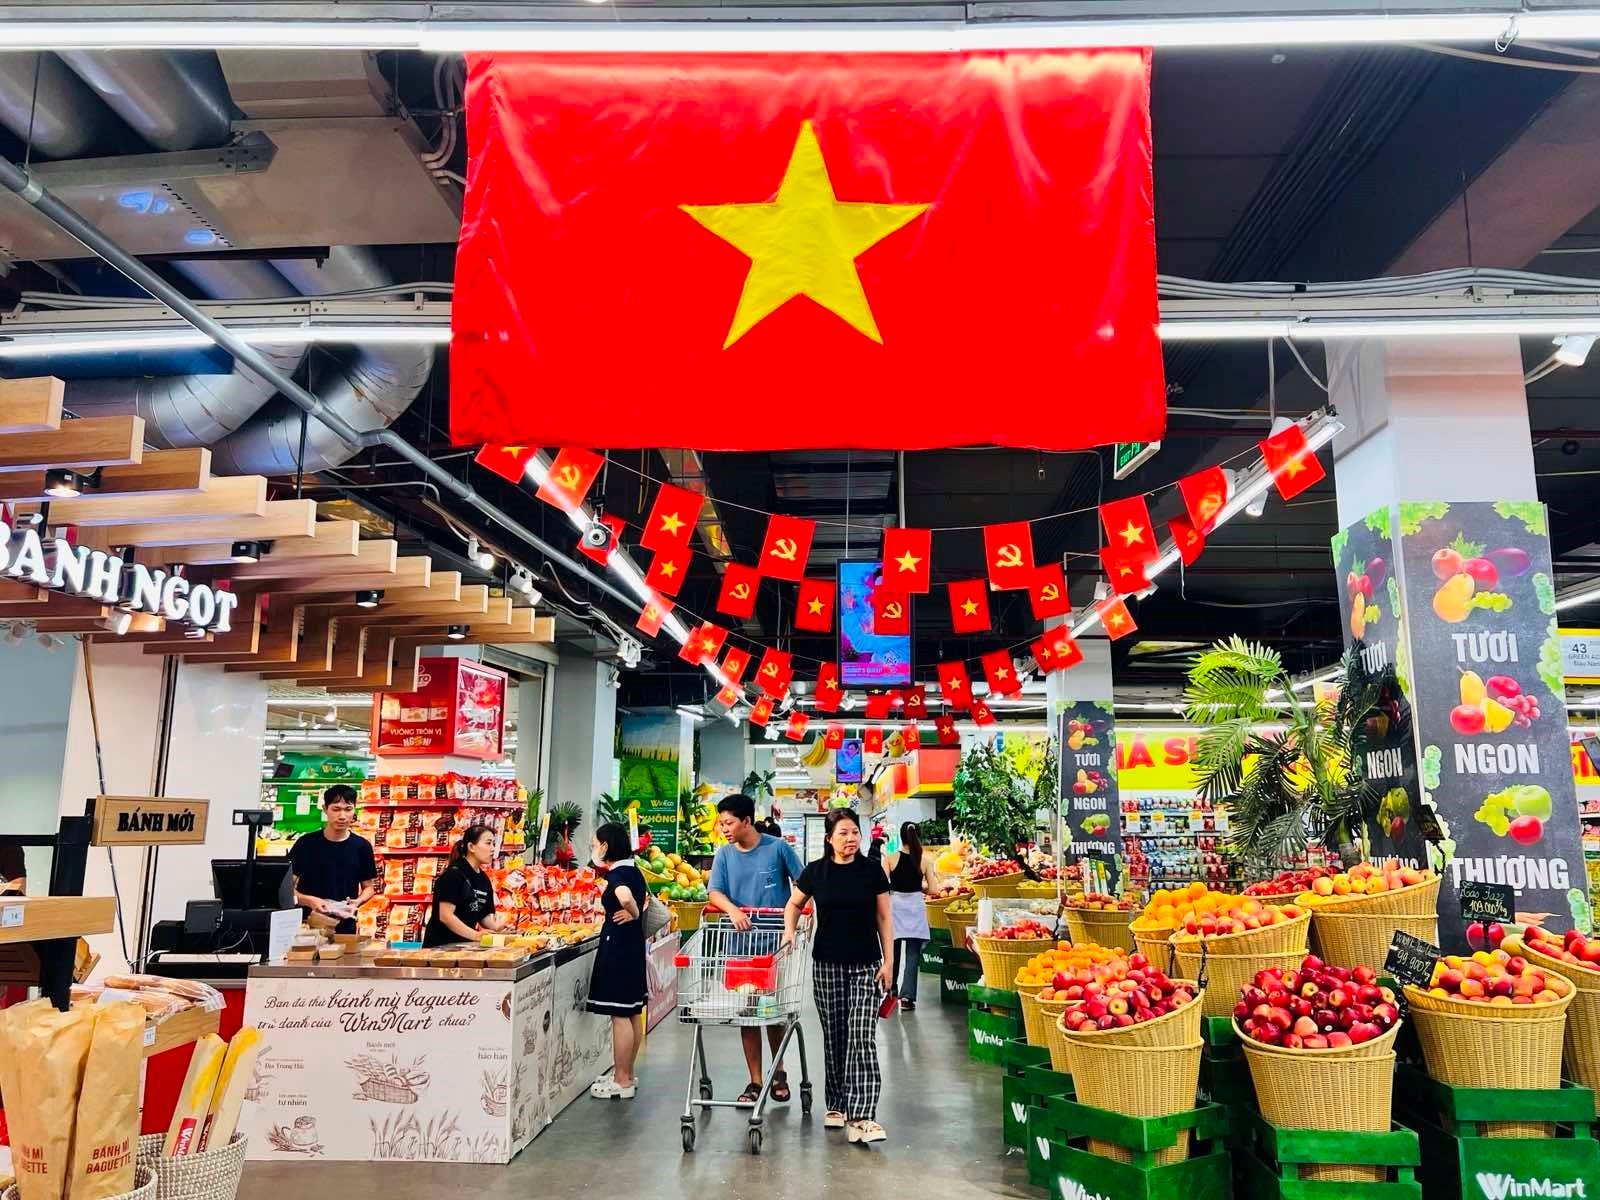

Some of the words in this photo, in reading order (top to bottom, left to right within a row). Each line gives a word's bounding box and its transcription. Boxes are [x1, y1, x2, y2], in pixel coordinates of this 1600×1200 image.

[132, 564, 238, 638] NGỌT
[1360, 640, 1388, 675] TƯƠI
[1452, 630, 1519, 663] TƯƠI
[1572, 643, 1588, 654] 43
[1074, 752, 1101, 767] TƯƠI
[1366, 747, 1403, 779] NGON
[1454, 743, 1540, 774] NGON
[1073, 797, 1107, 810] NGON
[117, 806, 164, 832] BÁNH
[166, 808, 196, 832] MỚI
[1452, 853, 1570, 897] THƯỢNG
[923, 953, 944, 964] WinMa
[327, 988, 374, 1009] bánh
[404, 988, 479, 1013] baguette
[339, 1010, 433, 1033] WinMart
[974, 1028, 1005, 1047] WinMa
[92, 1143, 121, 1161] BÁNH
[1476, 1171, 1587, 1200] WinMart
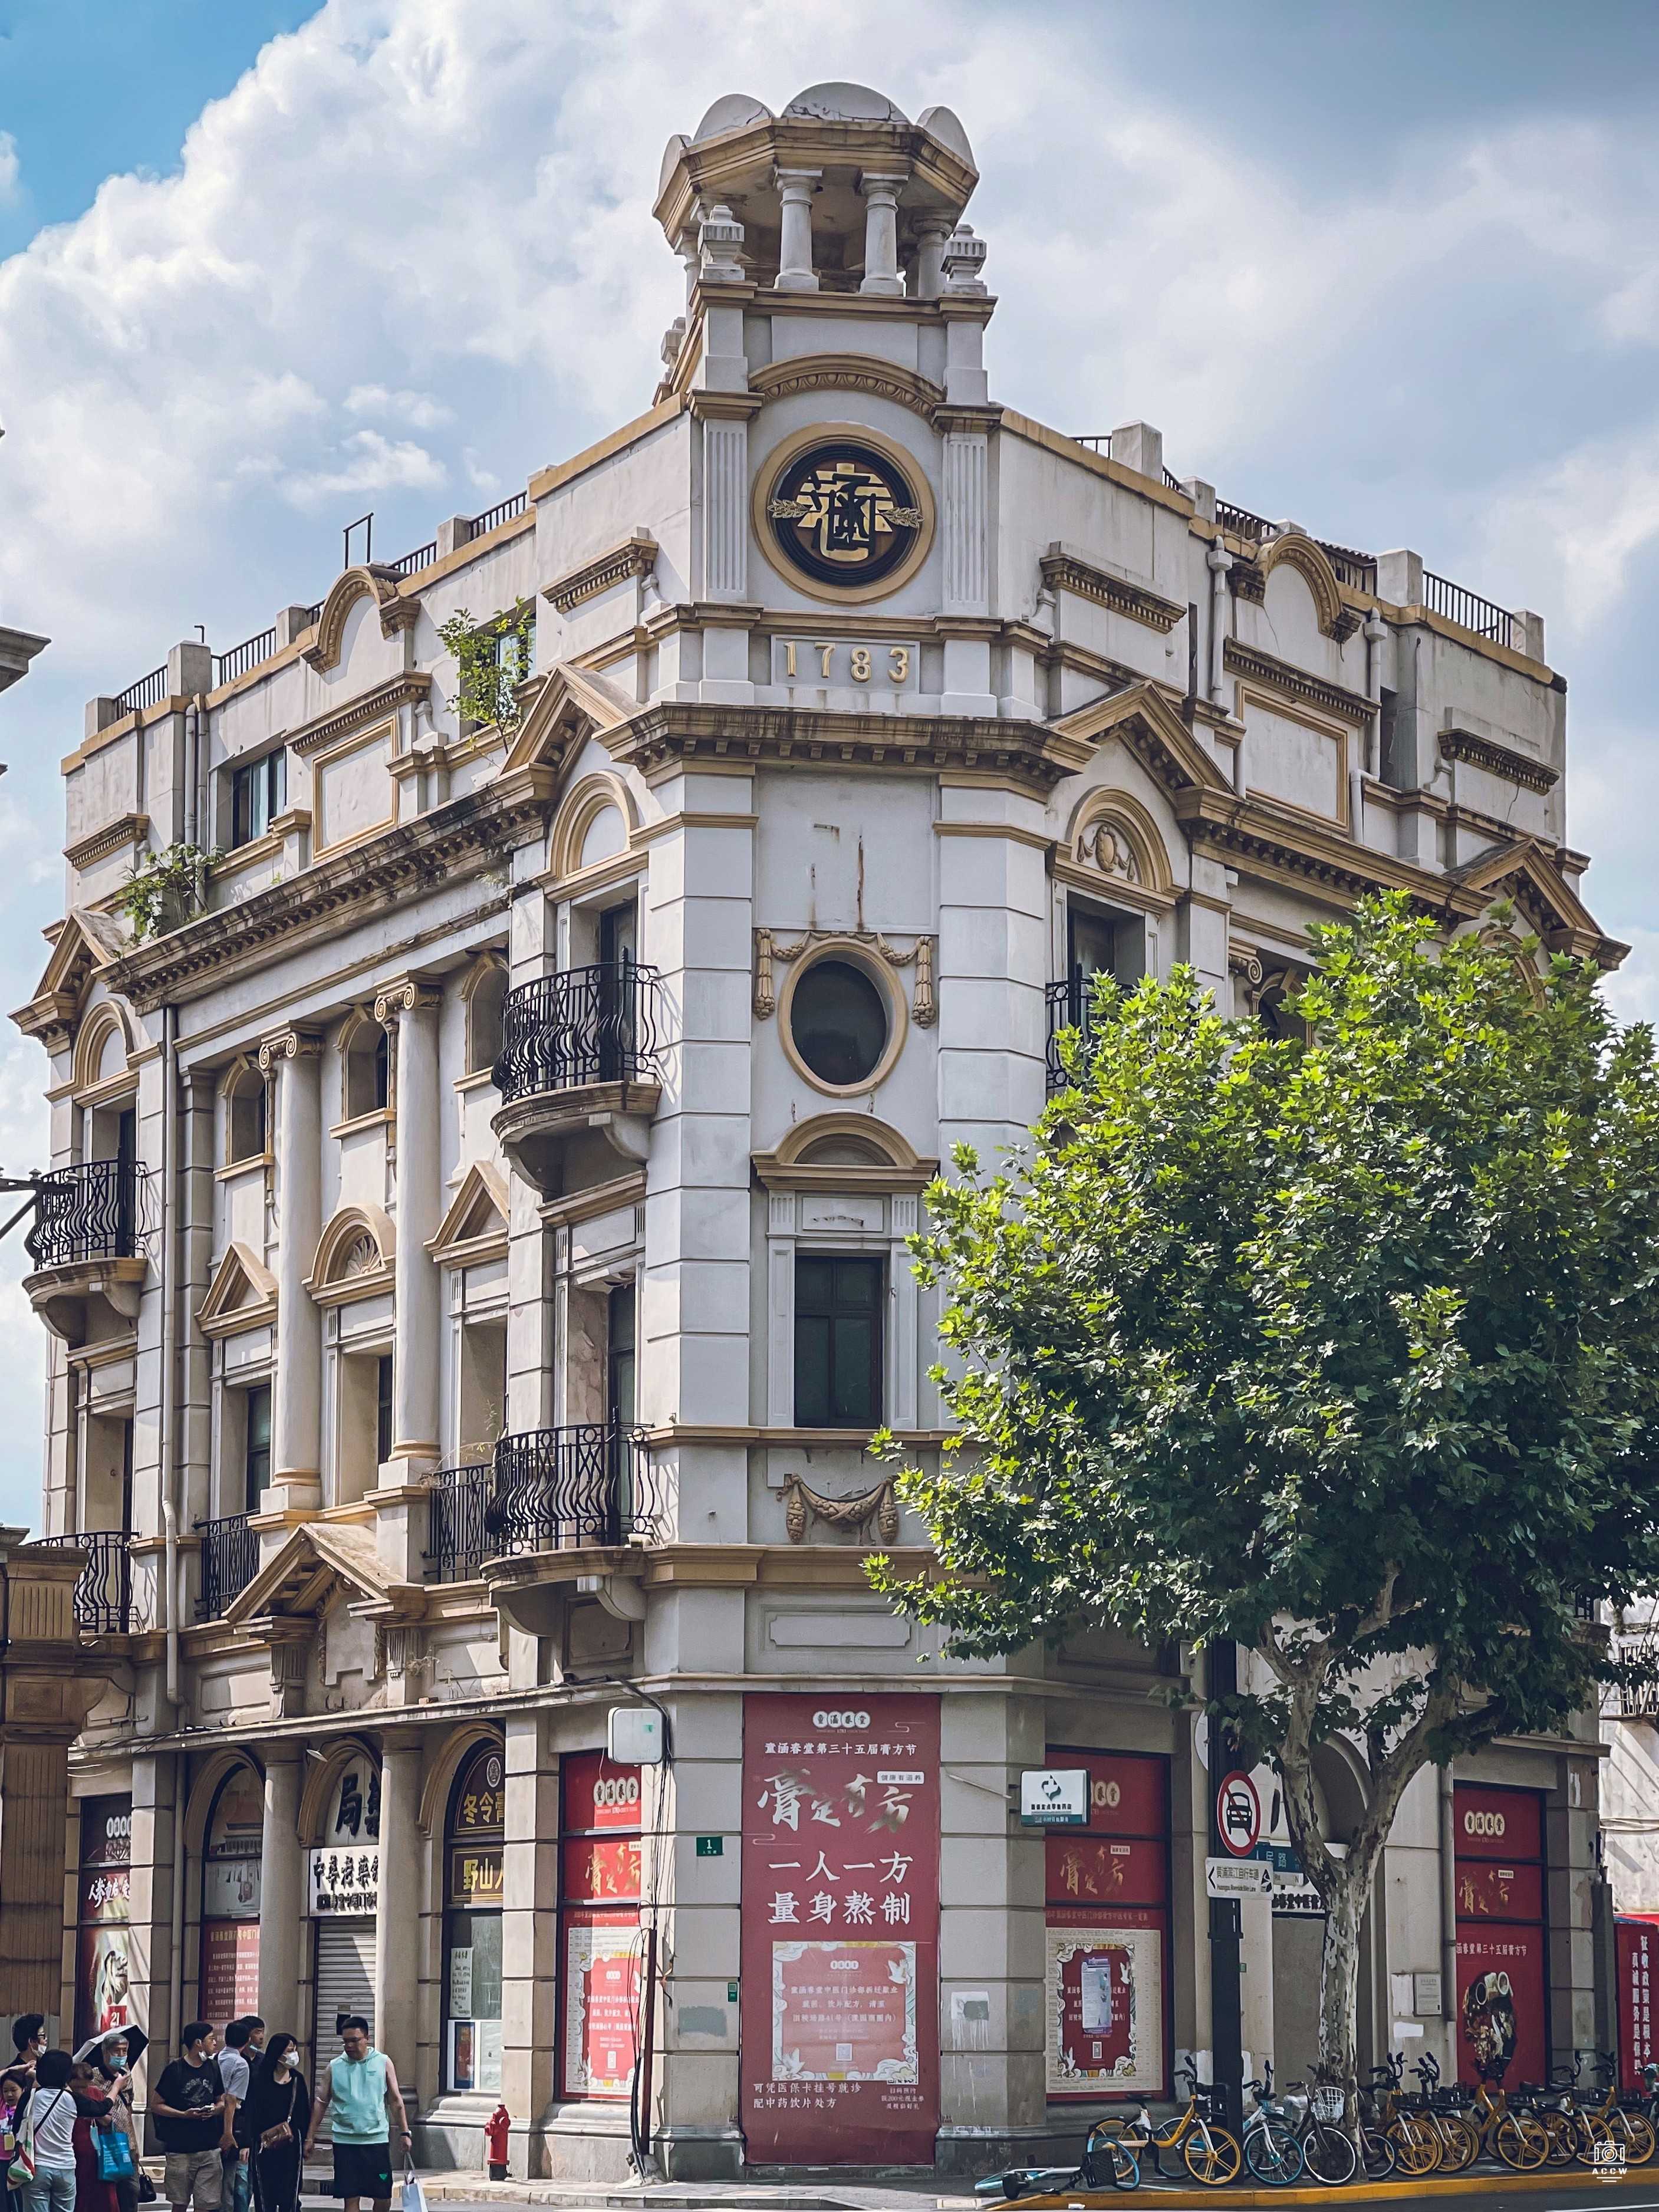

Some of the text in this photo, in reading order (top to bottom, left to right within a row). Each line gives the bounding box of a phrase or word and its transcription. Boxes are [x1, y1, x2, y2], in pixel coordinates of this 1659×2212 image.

[784, 641, 910, 683] 1783
[765, 1742, 917, 1756] 童涵春堂第三十五届膏方节
[706, 1839, 713, 1849] 1
[768, 1851, 913, 1883] 一人一方
[768, 1890, 911, 1925] 量身熬制
[753, 2082, 862, 2094] 可凭医保卡挂号就诊
[753, 2098, 837, 2109] 配中药饮片处方
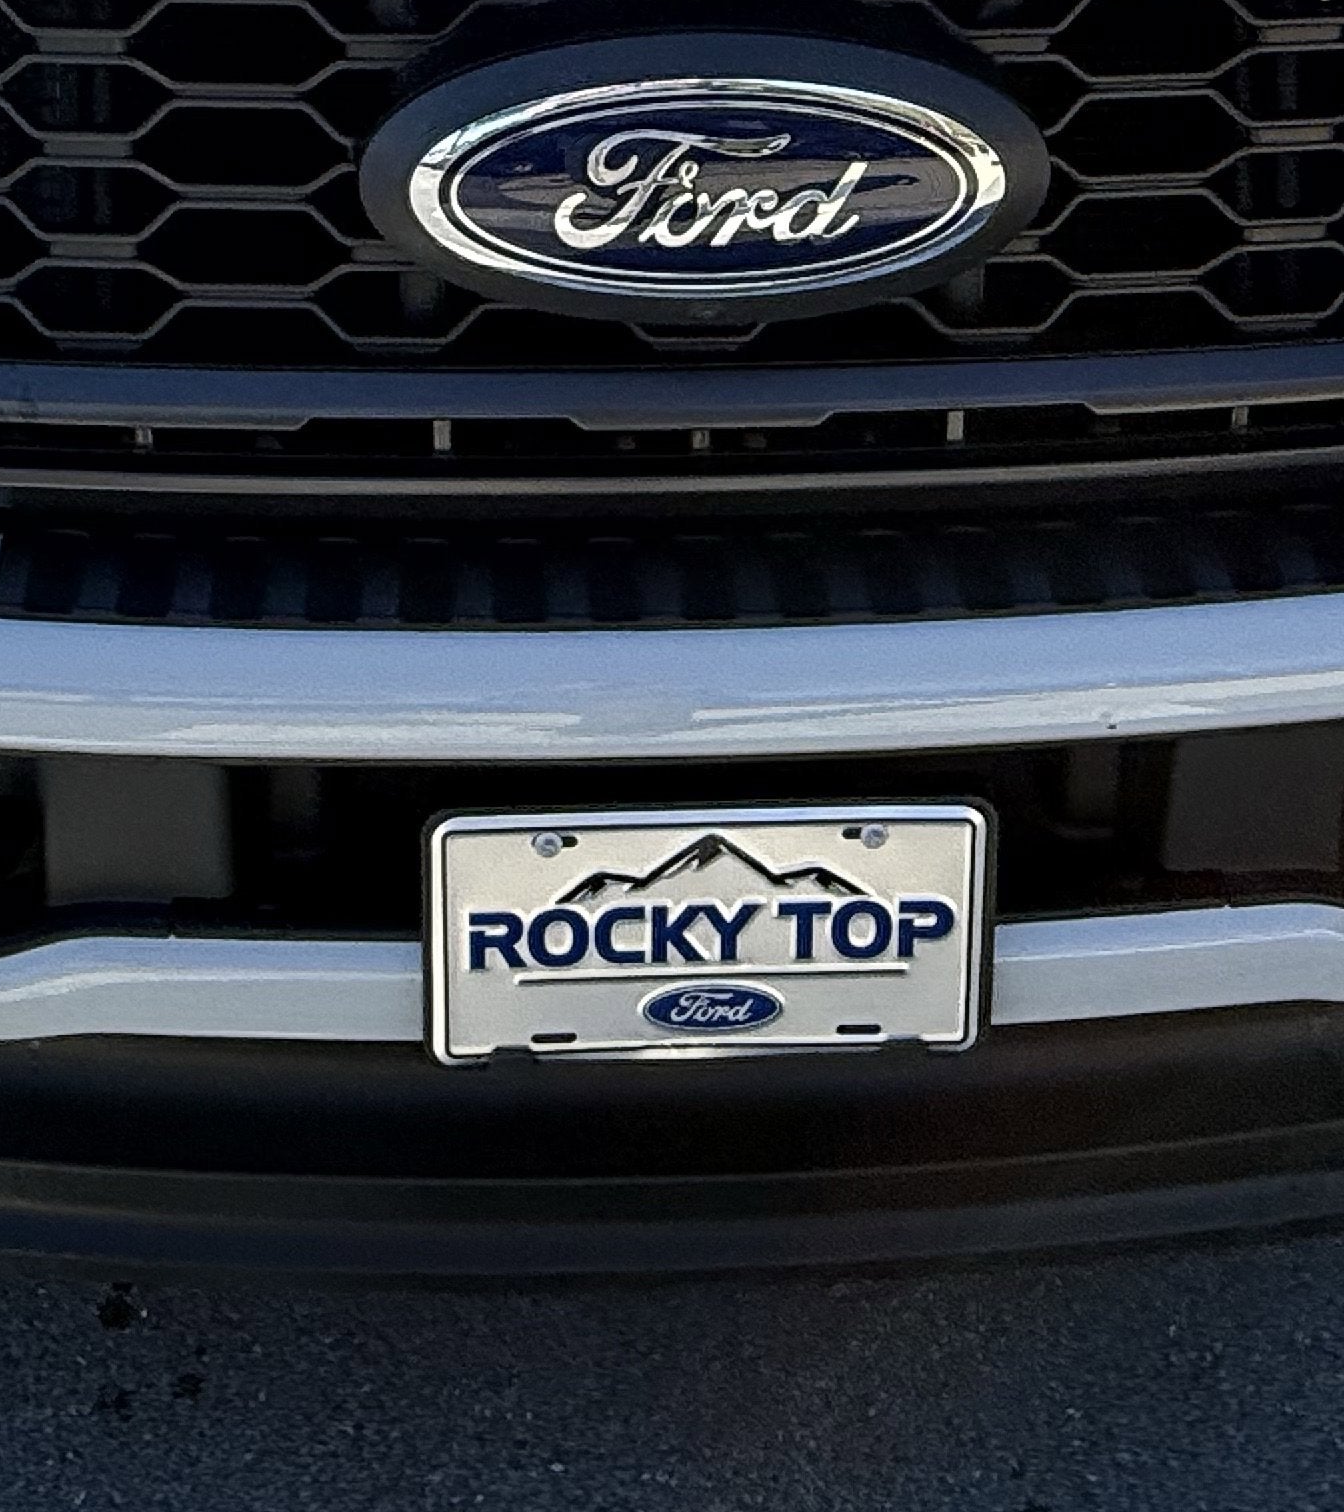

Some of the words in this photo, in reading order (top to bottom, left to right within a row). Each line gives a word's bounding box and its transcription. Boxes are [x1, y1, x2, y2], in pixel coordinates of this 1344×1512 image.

[554, 129, 868, 249] Ford
[468, 901, 762, 972] ROCKY
[777, 899, 955, 961] TOP
[669, 992, 753, 1025] Ford

+++

Goal of the exercise :: Before copying, set the pictures aside; then reproduce each entry above exactly.

Solution ::
Some of the words in this photo, in reading order (top to bottom, left to right within a row). Each line gives a word's bounding box and its transcription. Boxes are [x1, y1, x2, y2], in pixel coordinates of this 1600×1200 image.

[132, 564, 238, 638] NGỌT
[1360, 640, 1388, 675] TƯƠI
[1452, 630, 1519, 663] TƯƠI
[1572, 643, 1588, 654] 43
[1074, 752, 1101, 767] TƯƠI
[1366, 747, 1403, 779] NGON
[1454, 743, 1540, 774] NGON
[1073, 797, 1107, 810] NGON
[117, 806, 164, 832] BÁNH
[166, 808, 196, 832] MỚI
[1452, 853, 1570, 897] THƯỢNG
[923, 953, 944, 964] WinMa
[327, 988, 374, 1009] bánh
[404, 988, 479, 1013] baguette
[339, 1010, 433, 1033] WinMart
[974, 1028, 1005, 1047] WinMa
[92, 1143, 121, 1161] BÁNH
[1476, 1171, 1587, 1200] WinMart

Some of the text in this photo, in reading order (top to bottom, left to right within a row). Each line gives the bounding box of a phrase or word and its transcription. Boxes are [x1, y1, x2, y2], in pixel coordinates of this 1659×2212 image.

[784, 641, 910, 683] 1783
[765, 1742, 917, 1756] 童涵春堂第三十五届膏方节
[706, 1839, 713, 1849] 1
[768, 1851, 913, 1883] 一人一方
[768, 1890, 911, 1925] 量身熬制
[753, 2082, 862, 2094] 可凭医保卡挂号就诊
[753, 2098, 837, 2109] 配中药饮片处方

Some of the words in this photo, in reading order (top to bottom, left to right within a row). Each line gives a word's bounding box and its transcription. Boxes are [x1, y1, x2, y2], in pixel coordinates of this 1344×1512 image.

[554, 129, 868, 249] Ford
[468, 901, 762, 972] ROCKY
[777, 899, 955, 961] TOP
[669, 992, 753, 1025] Ford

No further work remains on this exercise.